More than 268,000 property owners in Florida — including 71,747 in South Florida — face potential rate increases of hundreds or even thousands of dollars a year for flood-insurance premiums, mostly for low-lying homes and businesses along the waterfront.
Those with second homes in the lower parts of a flood zone or who live in frequently flooded places have been hit since January with premium increases of 25 percent a year. Starting in October, thousands more who have gotten relatively cheap premiums for years under the National Flood Insurance Program will face the same rate increases.
And premiums will continue to rise by 25 percent every year until they reach a point considered actuarially appropriate for the risk of floods in a state frequently battered by hurricanes, tropical storms and torrential rains.
“Agents are bringing in examples of properties on the coast that have been insured for $3,000, but the real at-risk rate is $12,000. And that’s just for the foundation,” said Jeff Grady, president of the Florida Association of Insurance Agents. “They say, `This can’t be right, can it?’ Well, afraid it is.”
Critics warn that the changes — which stem from a law passed by Congress last year with strong bipartisan support — may be enough to drive some people out of their homes and discourage real-estate sales.

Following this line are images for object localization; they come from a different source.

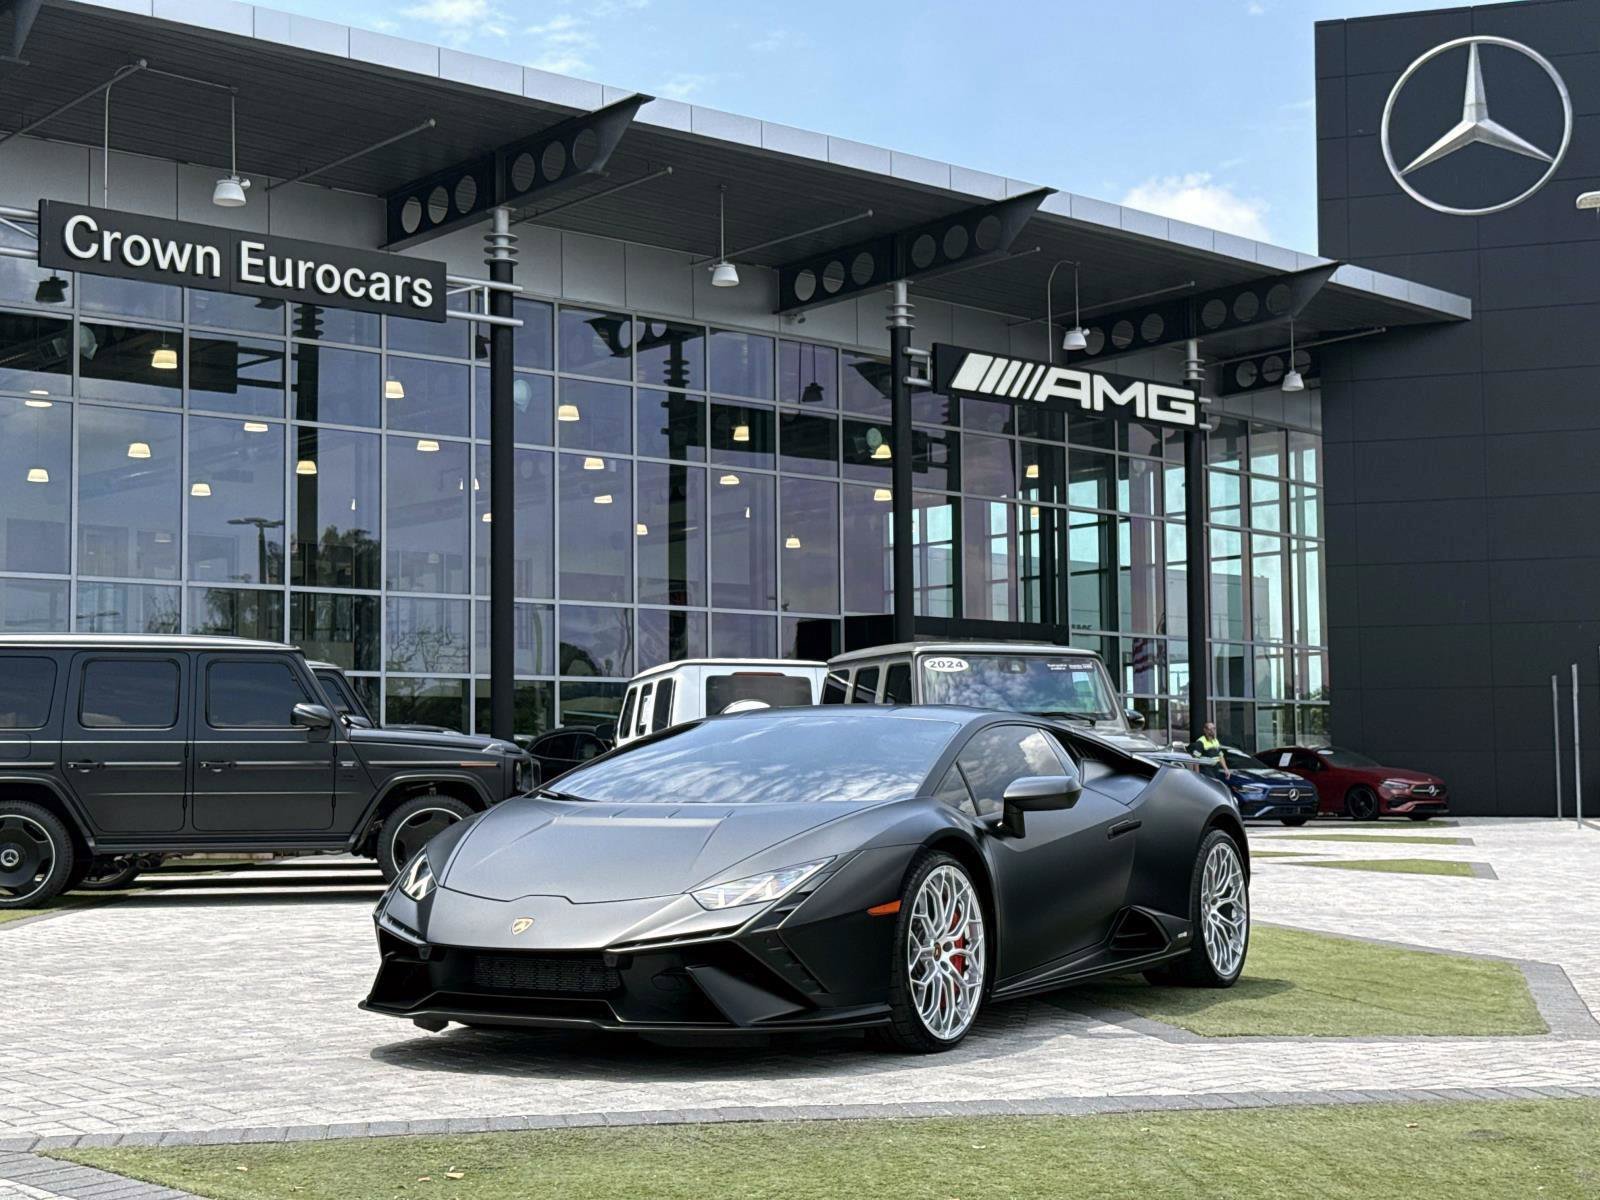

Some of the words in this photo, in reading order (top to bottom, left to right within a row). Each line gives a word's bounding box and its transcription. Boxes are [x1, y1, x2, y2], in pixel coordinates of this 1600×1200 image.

[63, 214, 221, 278] Crown
[239, 240, 434, 308] Eurocars
[928, 660, 964, 669] 2024
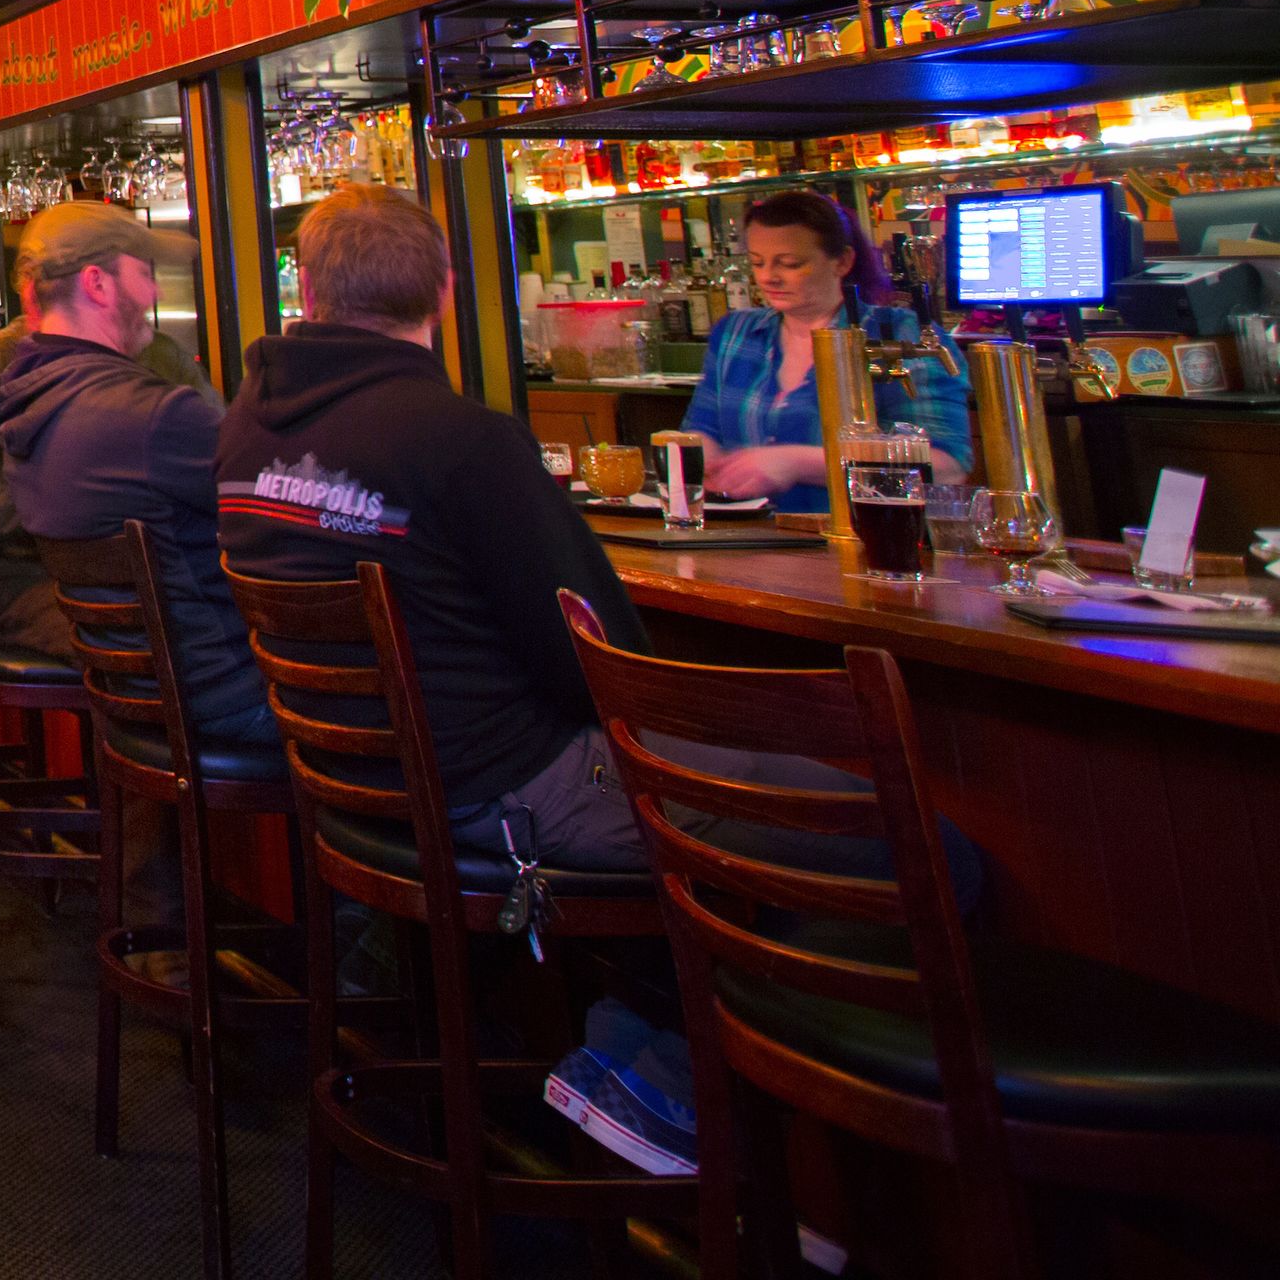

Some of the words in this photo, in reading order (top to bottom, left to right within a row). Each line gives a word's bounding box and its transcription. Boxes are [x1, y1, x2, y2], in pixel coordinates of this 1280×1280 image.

[2, 36, 58, 84] about
[72, 16, 152, 80] music,
[254, 471, 385, 521] METROPOLIS

But while some homeowners or buyers face a bigger bill for waterfront property, some people who live in relatively high and dry areas at the edges of flood plains will get lower rates for flood insurance. The reason: periodic updates of federal flood plain maps will show they live in low-risk areas.
The result is a confusing mix of winners and losers, producing sounds of alarm from some real estate and insurance agents, pushback from coastal communities, sighs of relief from those who may be spared and an attempt in Congress to delay parts of the law for at least a year to conduct an affordability study.

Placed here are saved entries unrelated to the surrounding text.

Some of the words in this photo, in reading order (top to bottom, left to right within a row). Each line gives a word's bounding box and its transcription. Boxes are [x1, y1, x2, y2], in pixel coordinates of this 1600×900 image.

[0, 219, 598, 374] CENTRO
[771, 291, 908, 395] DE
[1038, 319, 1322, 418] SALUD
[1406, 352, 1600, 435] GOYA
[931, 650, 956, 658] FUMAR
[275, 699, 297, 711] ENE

It also renews a heated debate about the wisdom of building close to the water in such places as South Florida, the Space Coast or even inland areas prone to flooding in Central Florida.
“As much as people complain about houses being built too close to the ocean, and close to water, it also gives value to properties in Florida. It’s what brings people to Florida in the first place,” said U.S. Rep. Joe Garcia, D-Miami, who is pushing for a delay.
“This rejiggering literally changes the equation of buying and selling homes in Florida,” he added. “At the top end of the scale, people can afford these things. But if you are a retiree, if you are a working person able to build up a nest egg and buy a house in one of these areas, this could put you out of your home. It could also affect your ability to sell your property, because it’s got this added price tag on it.”
Since the program was created in 1968, mortgage lenders have required federal flood coverage in areas designated by the government as the most vulnerable parts of flood plains. The Federal Emergency Management Agency estimates that premiums for 81 percent of current policies reflect the actual risk of flooding, but the rest have been “subsidized” by lower rates.
It has been a good deal for home and business owners for 45 years, but a steady loss for the government, requiring $24 billion in bailouts. Amid growing concerns about the federal deficit, Congress decided last year that the program should pay for itself, phasing out the subsidies by raising premiums at a rate of 25 percent a year to cover the actual risk.
Florida properties make up 37 percent of flood insurance policies nationwide. FEMA estimates that more than a quarter-million policies in Florida will be affected by the phaseout.
They include 47,362 policies in Miami-Dade County, 19,551 in Broward County and 4,834 in Palm Beach County.
Some think flood insurance is a good deal for most homeowners — even at higher rates.
“My flood insurance costs me $280 a year. The national average is $600. And I’m in a high-risk area in South Florida,” said Alexandra Horblitt, an insurance agent in Browar County. “There are canals all around me, the Everglades and the ocean. So with that in mind, even if I were paying double, it would still be a value to me because no other coverage provides the same as the FEMA flood insurance program.”
After hearing complaints from some agents and coastal residents around the country, the U.S. House in June passed a spending bill containing an amendment that would delay parts of the law for a year, notably a provision that gradually eliminates lower rates that were “grandfathered in” for homes built before the rules changed.
Federal officials shouldn’t move ahead until they know what the law would do to places like Florida, the Florida Association of Insurance Agents is telling Congress.
“There are pockets around the state where entire communities would go down, stores would close and people lose jobs,” warned Chris Heidrick, an insurance agent in Sanibel. “My concern — and the reason I think it should be delayed until an affordability study can be done — is that it wipes out an awful lot of property value.”